***** DATASET *****
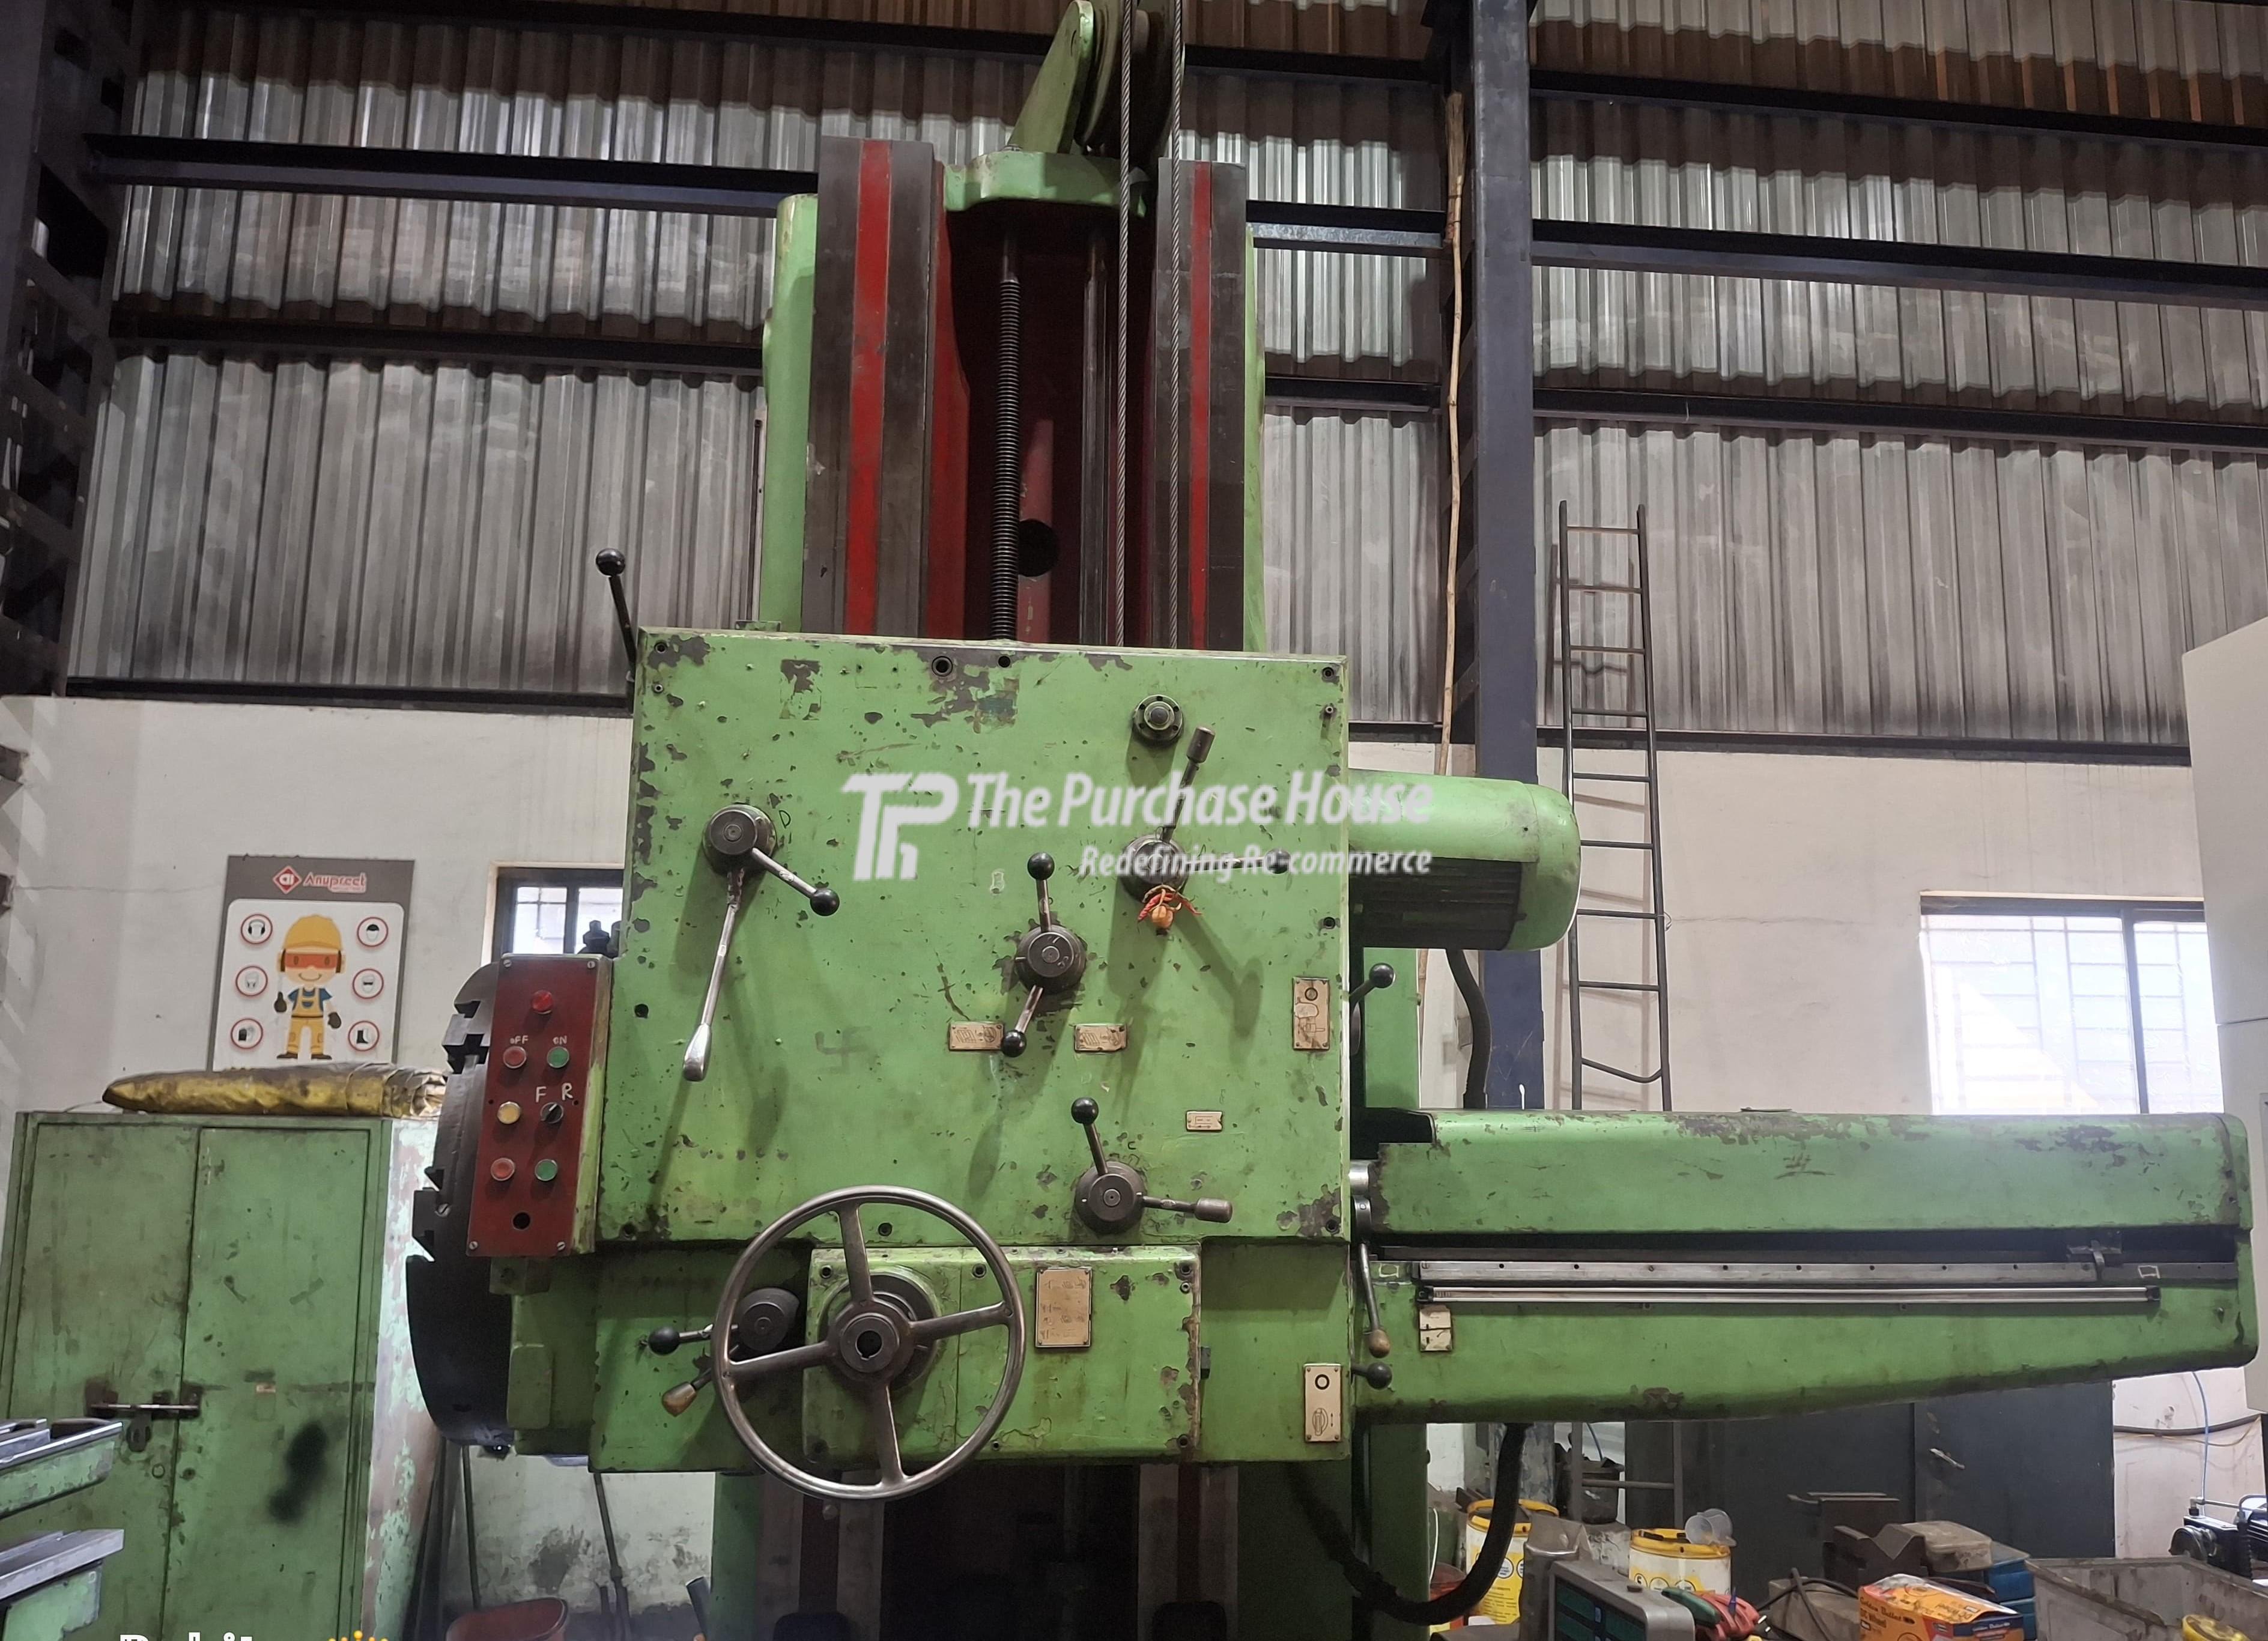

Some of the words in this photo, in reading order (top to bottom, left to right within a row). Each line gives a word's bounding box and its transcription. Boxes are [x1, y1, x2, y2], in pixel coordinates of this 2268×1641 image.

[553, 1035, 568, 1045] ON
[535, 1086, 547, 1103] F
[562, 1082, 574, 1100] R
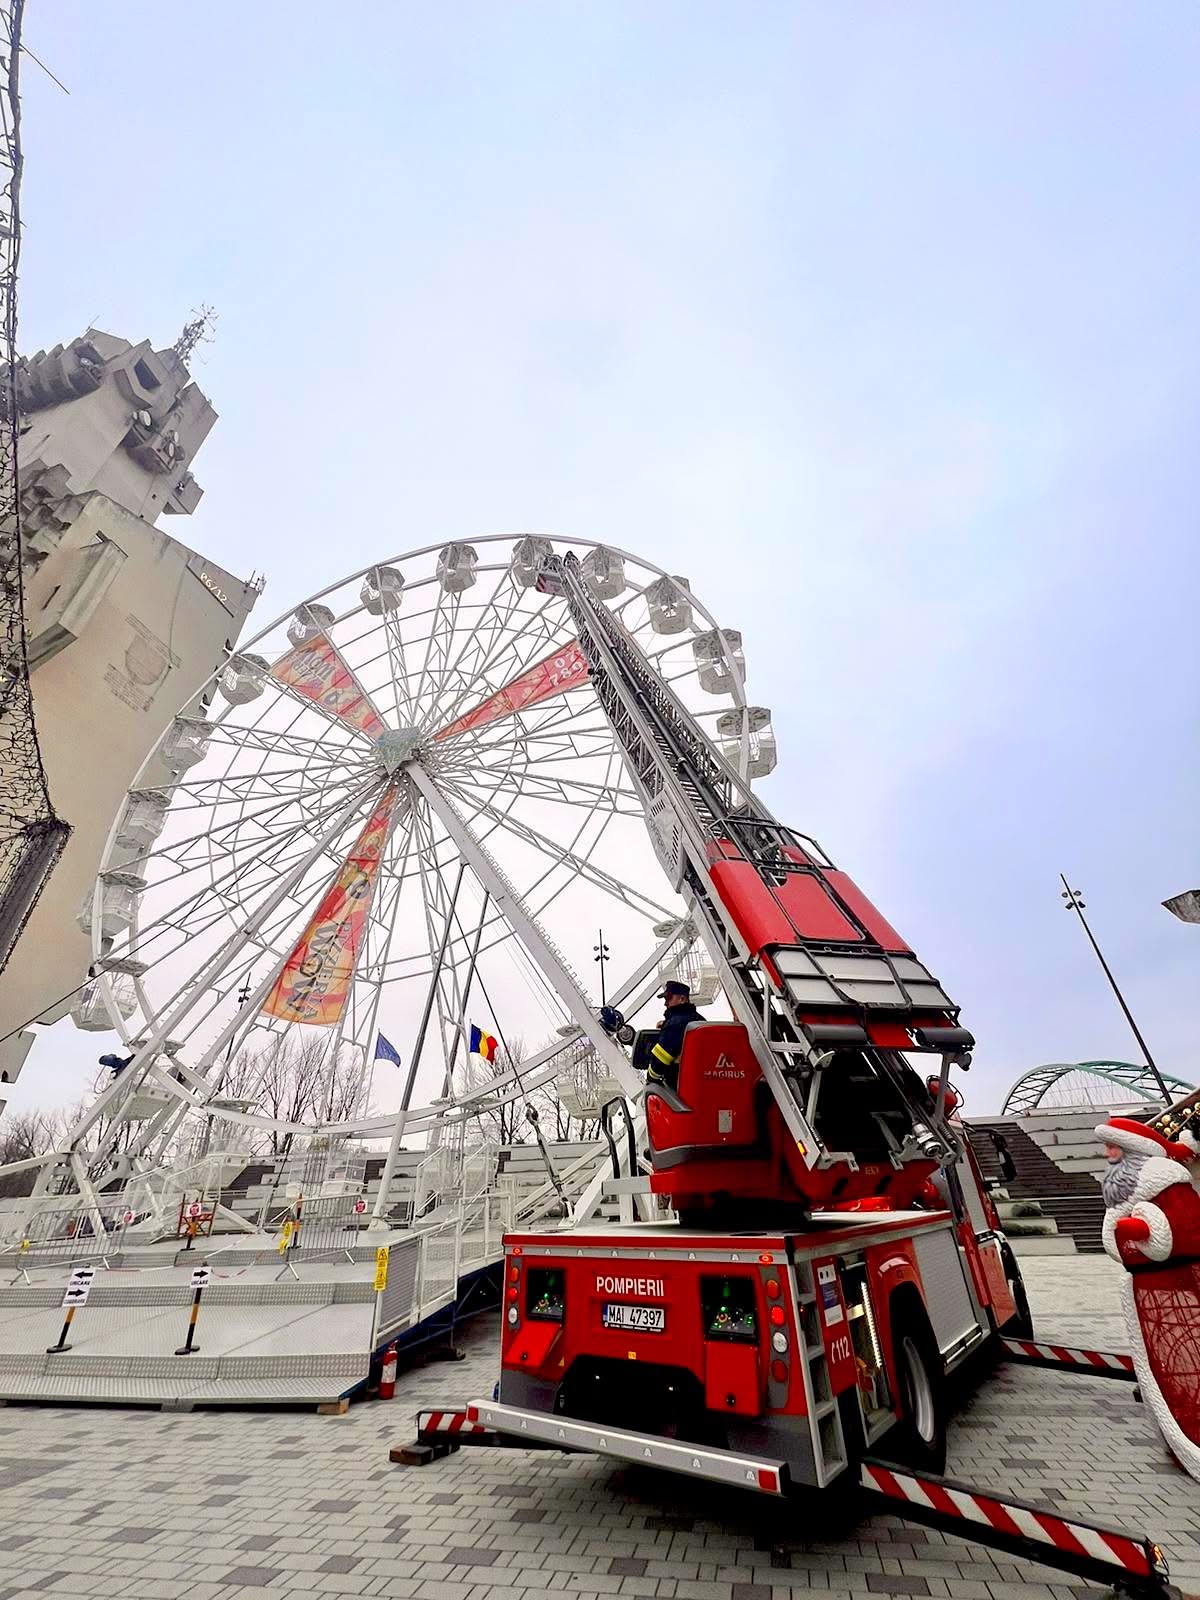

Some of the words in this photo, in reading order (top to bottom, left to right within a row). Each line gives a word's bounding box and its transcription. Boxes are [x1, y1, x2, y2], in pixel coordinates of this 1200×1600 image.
*****
Give back each entry verbatim but drop its pictures.

Some of the words in this photo, in reading order (top to bottom, left to right within a row). Each line gives a word's bounding box and its transcription. Boxes are [x1, y1, x2, y2], in pixel coordinates of this 2268×1641 image.

[553, 1035, 568, 1045] ON
[535, 1086, 547, 1103] F
[562, 1082, 574, 1100] R

Some of the words in this photo, in reading order (top to bottom, left to right within a row). Each line gives a word's bounding box and its transcription. Boxes are [x1, y1, x2, y2], in pixel coordinates of this 1200×1600 image.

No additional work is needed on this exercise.